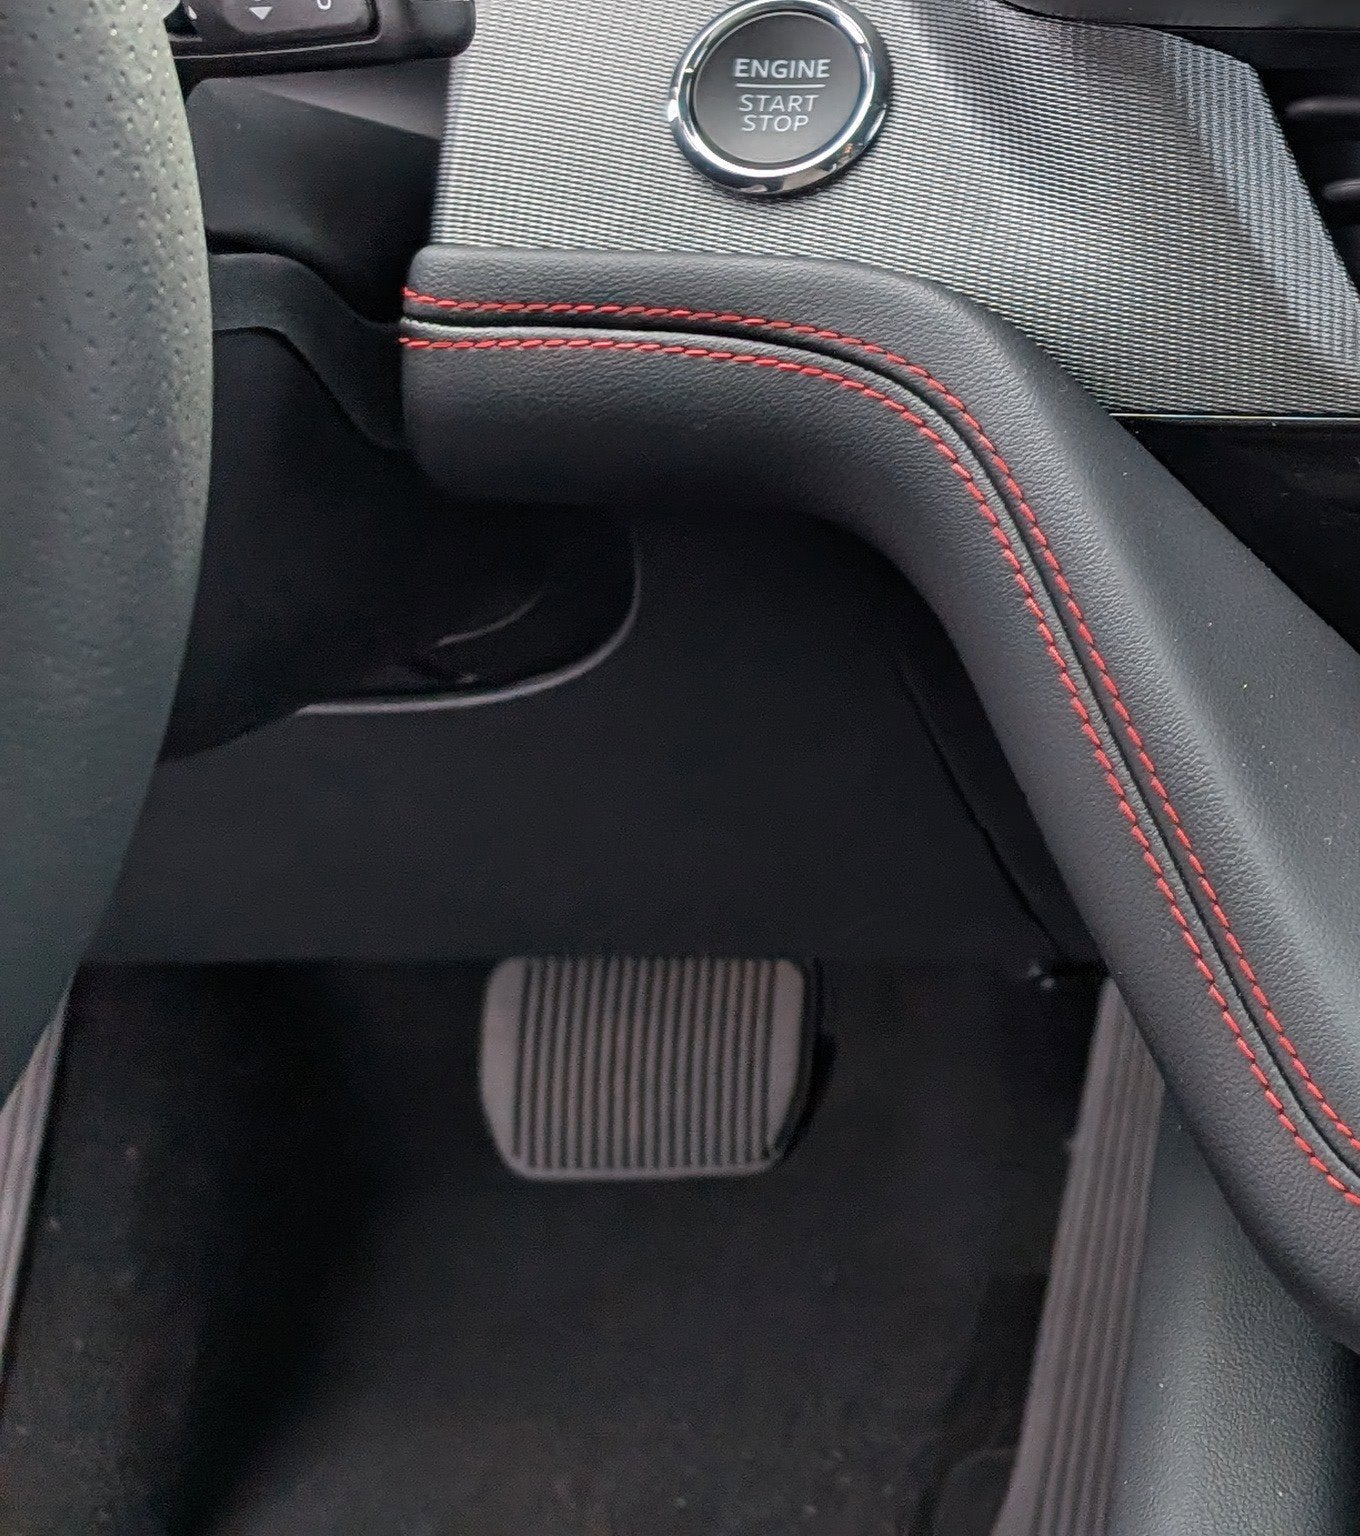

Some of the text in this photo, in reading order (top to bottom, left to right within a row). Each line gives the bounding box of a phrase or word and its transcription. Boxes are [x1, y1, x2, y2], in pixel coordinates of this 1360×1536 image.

[732, 58, 832, 79] ENGINE
[738, 94, 820, 113] START
[741, 115, 810, 133] STOP
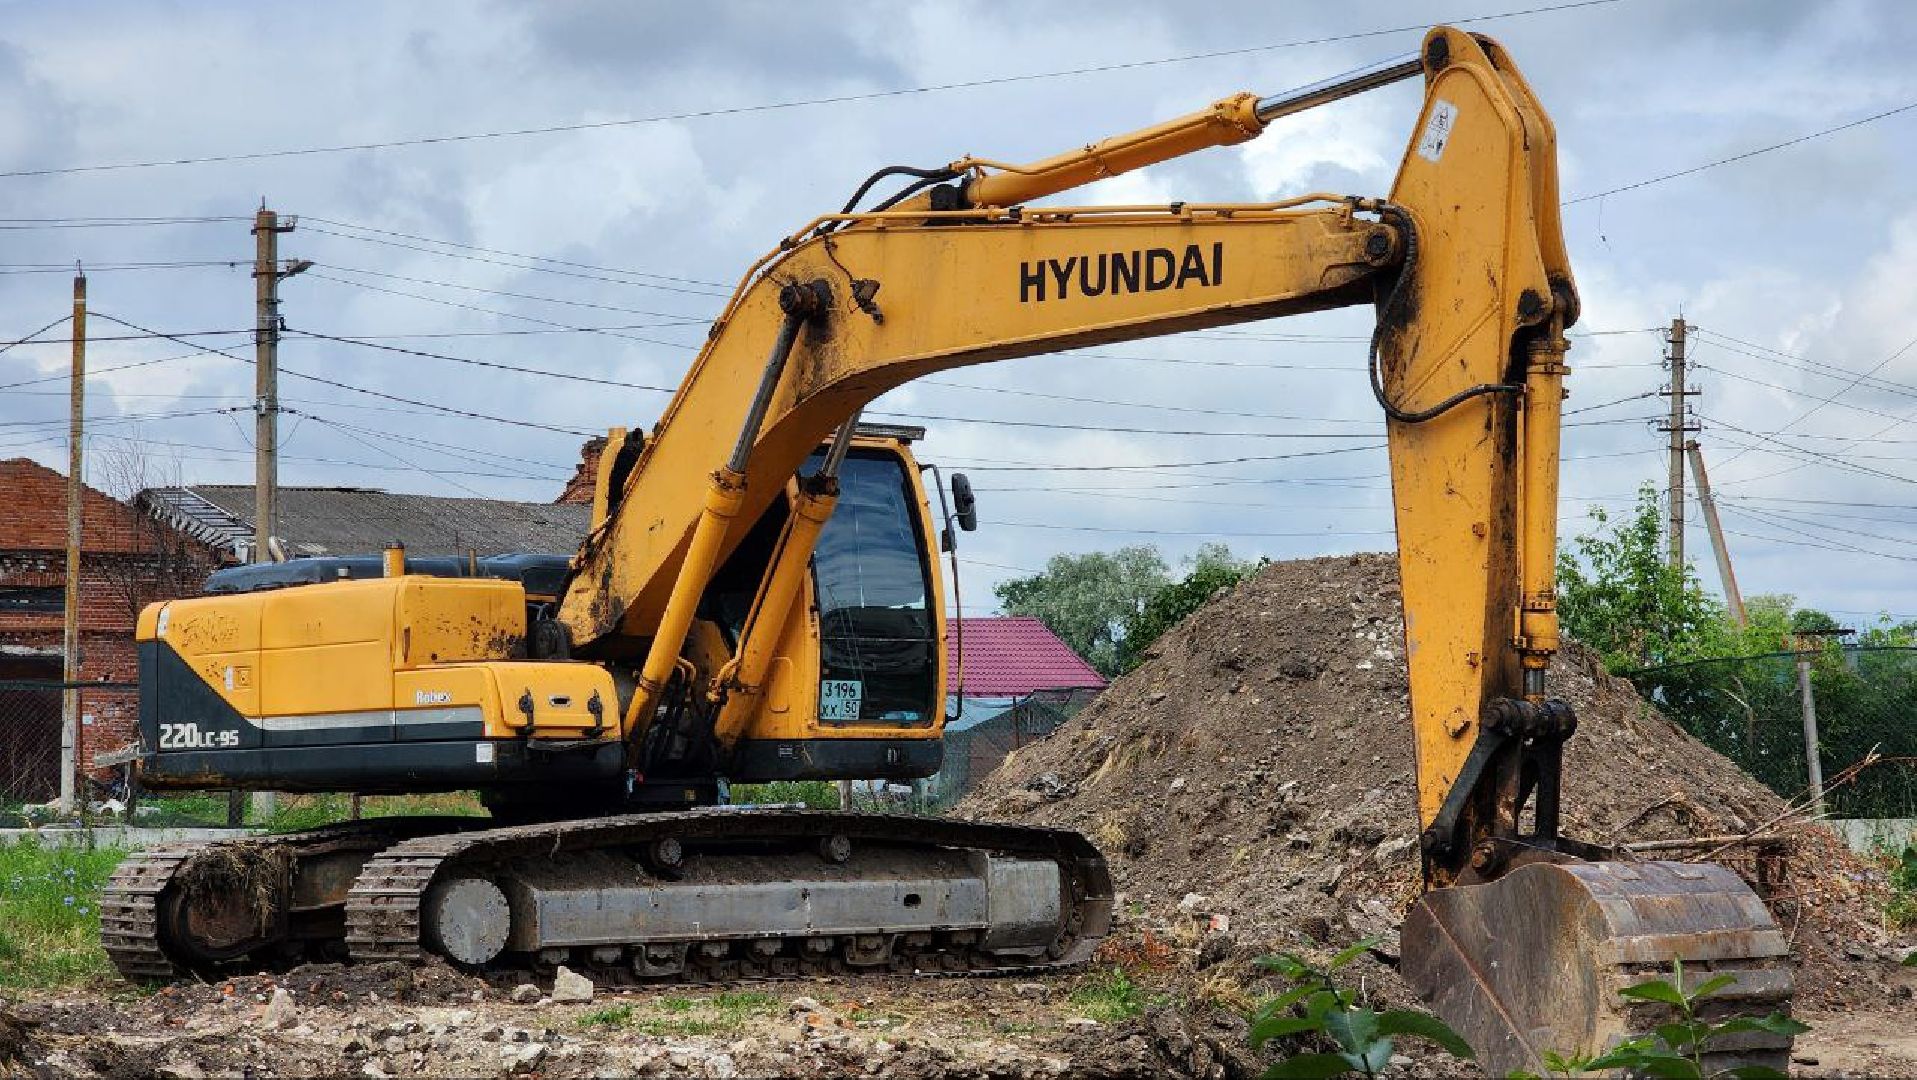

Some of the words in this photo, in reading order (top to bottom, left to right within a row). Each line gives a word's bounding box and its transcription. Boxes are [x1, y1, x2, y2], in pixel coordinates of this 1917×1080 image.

[1020, 242, 1223, 302] HYUNDAI
[825, 682, 857, 698] 3196
[845, 701, 857, 714] 50
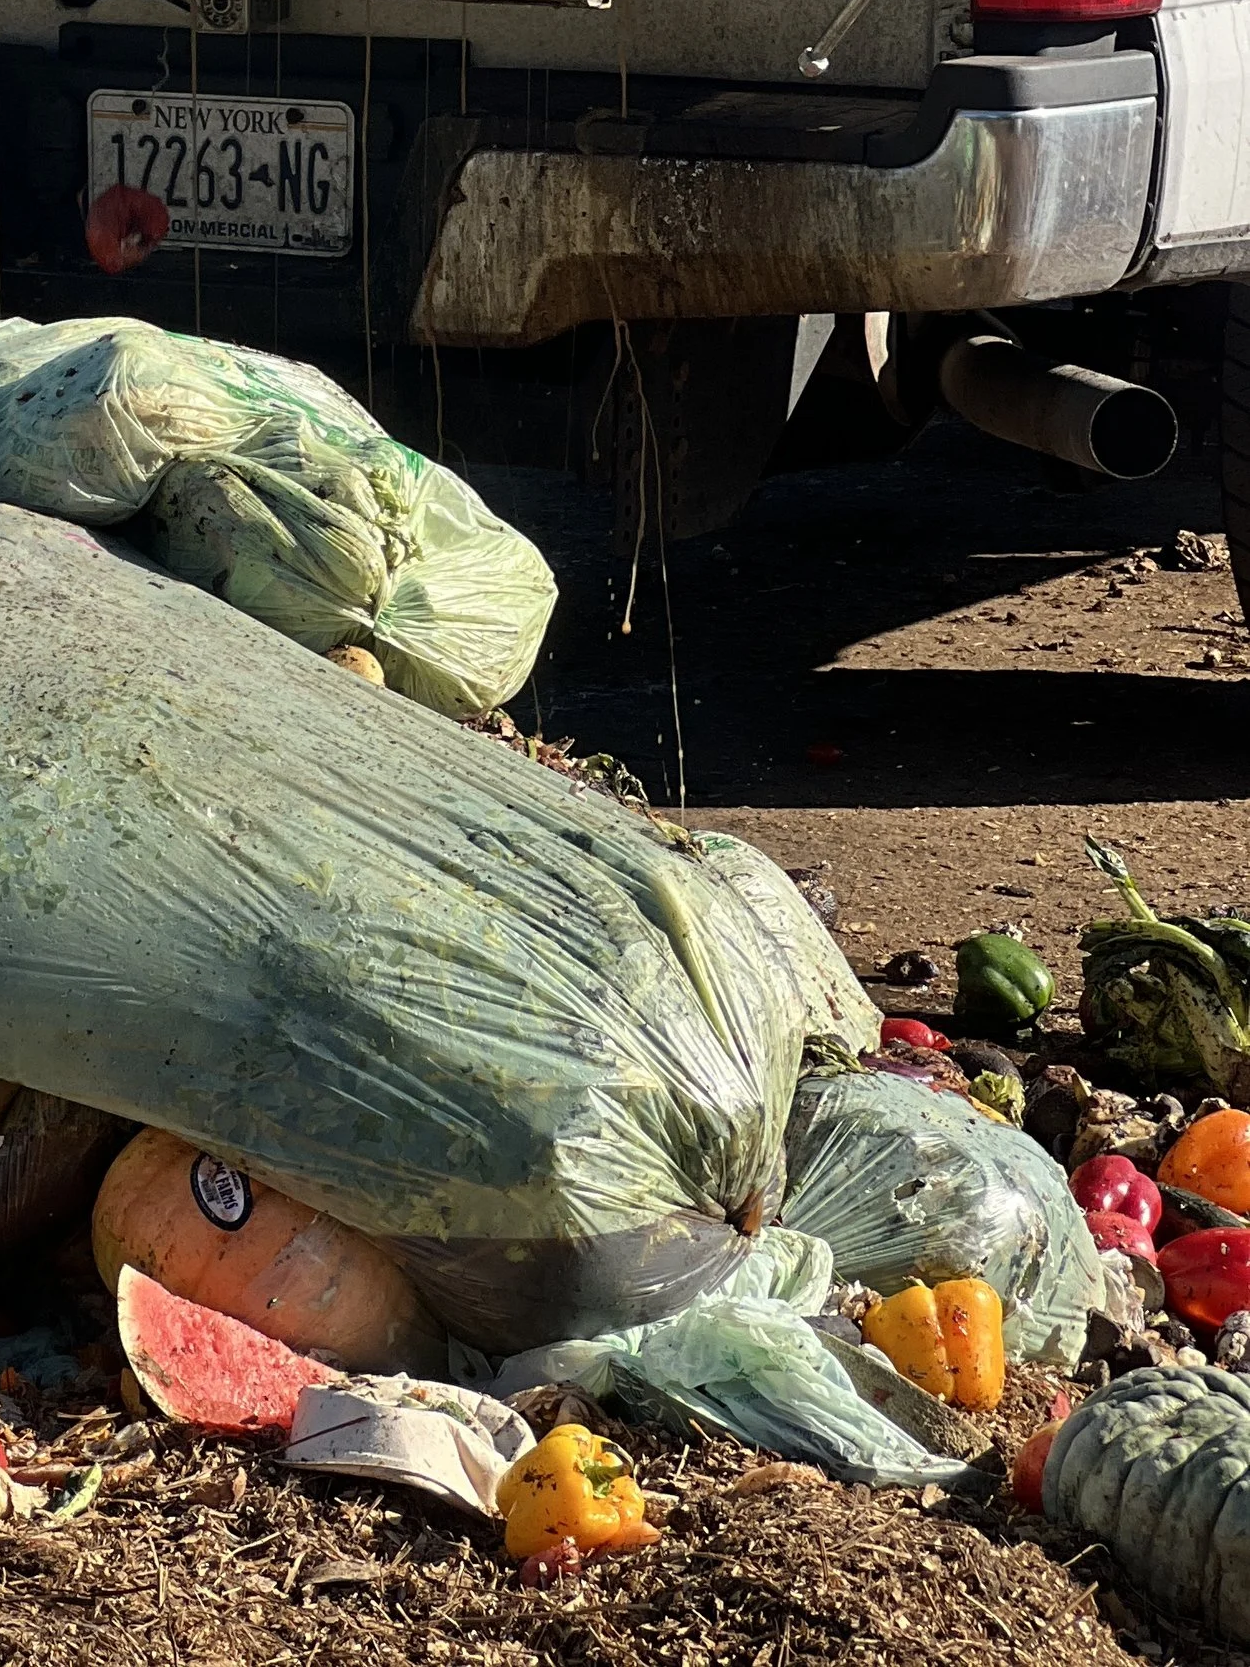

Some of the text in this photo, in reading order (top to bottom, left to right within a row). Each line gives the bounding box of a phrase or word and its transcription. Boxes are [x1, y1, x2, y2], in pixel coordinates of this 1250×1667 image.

[153, 104, 286, 135] NEW YORK
[278, 139, 331, 215] NG
[167, 218, 279, 241] OMMERCIAL
[216, 1177, 238, 1209] FARMS

==================================================

- **Task description**
Each word of the data should be repeated exactly, and the pictures left out.

- **Solution to the problem**
Some of the text in this photo, in reading order (top to bottom, left to right within a row). Each line gives the bounding box of a phrase or word and its transcription. Boxes are [x1, y1, x2, y2], in pixel coordinates of this 1360×1536 image.

[732, 58, 832, 79] ENGINE
[738, 94, 820, 113] START
[741, 115, 810, 133] STOP

Some of the words in this photo, in reading order (top to bottom, left to right within a row). Each line gives a word's bounding box and its transcription. Boxes are [x1, y1, x2, y2], in pixel coordinates of this 1917×1080 image.

[1020, 242, 1223, 302] HYUNDAI
[825, 682, 857, 698] 3196
[845, 701, 857, 714] 50

Some of the text in this photo, in reading order (top to bottom, left to right within a row). Each line gives the bounding box of a phrase or word and its transcription. Boxes are [x1, y1, x2, y2], in pixel coordinates of this 1250×1667 image.

[153, 104, 286, 135] NEW YORK
[278, 139, 331, 215] NG
[167, 218, 279, 241] OMMERCIAL
[216, 1177, 238, 1209] FARMS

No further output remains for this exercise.